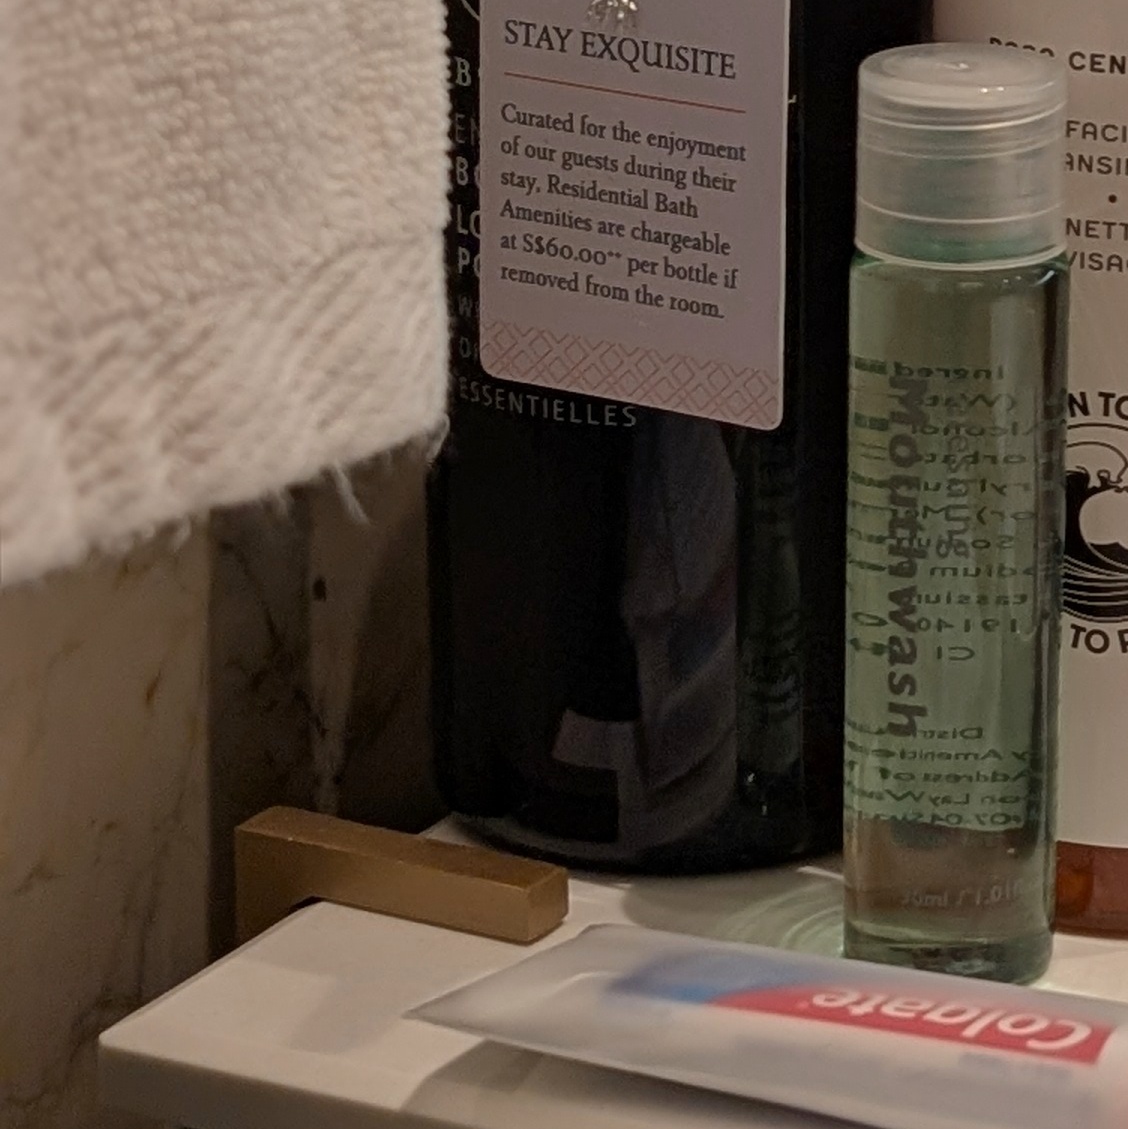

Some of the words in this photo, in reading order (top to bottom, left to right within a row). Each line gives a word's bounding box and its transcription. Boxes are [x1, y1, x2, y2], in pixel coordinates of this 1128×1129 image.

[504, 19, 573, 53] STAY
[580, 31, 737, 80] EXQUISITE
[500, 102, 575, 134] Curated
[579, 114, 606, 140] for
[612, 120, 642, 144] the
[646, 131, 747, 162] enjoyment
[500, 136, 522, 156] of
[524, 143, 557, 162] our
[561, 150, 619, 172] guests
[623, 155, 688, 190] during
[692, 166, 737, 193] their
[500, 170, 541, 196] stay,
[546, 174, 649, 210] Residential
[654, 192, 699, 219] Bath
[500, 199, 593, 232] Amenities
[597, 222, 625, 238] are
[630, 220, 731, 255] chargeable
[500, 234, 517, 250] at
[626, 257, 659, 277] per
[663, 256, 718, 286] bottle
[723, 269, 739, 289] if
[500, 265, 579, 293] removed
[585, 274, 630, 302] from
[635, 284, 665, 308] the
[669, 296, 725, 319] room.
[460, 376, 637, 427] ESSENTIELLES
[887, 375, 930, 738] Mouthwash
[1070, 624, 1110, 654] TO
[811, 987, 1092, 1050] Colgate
※ ※ ※
Assignment:
Please write every line above out exactly as given, except for any pictures.

Task result:
Some of the words in this photo, in reading order (top to bottom, left to right within a row). Each line gives a word's bounding box and its transcription. Boxes are [x1, y1, x2, y2], in pixel coordinates of this 1128×1129 image.

[504, 19, 573, 53] STAY
[580, 31, 737, 80] EXQUISITE
[500, 102, 575, 134] Curated
[579, 114, 606, 140] for
[612, 120, 642, 144] the
[646, 131, 747, 162] enjoyment
[500, 136, 522, 156] of
[524, 143, 557, 162] our
[561, 150, 619, 172] guests
[623, 155, 688, 190] during
[692, 166, 737, 193] their
[500, 170, 541, 196] stay,
[546, 174, 649, 210] Residential
[654, 192, 699, 219] Bath
[500, 199, 593, 232] Amenities
[597, 222, 625, 238] are
[630, 220, 731, 255] chargeable
[500, 234, 517, 250] at
[626, 257, 659, 277] per
[663, 256, 718, 286] bottle
[723, 269, 739, 289] if
[500, 265, 579, 293] removed
[585, 274, 630, 302] from
[635, 284, 665, 308] the
[669, 296, 725, 319] room.
[460, 376, 637, 427] ESSENTIELLES
[887, 375, 930, 738] Mouthwash
[1070, 624, 1110, 654] TO
[811, 987, 1092, 1050] Colgate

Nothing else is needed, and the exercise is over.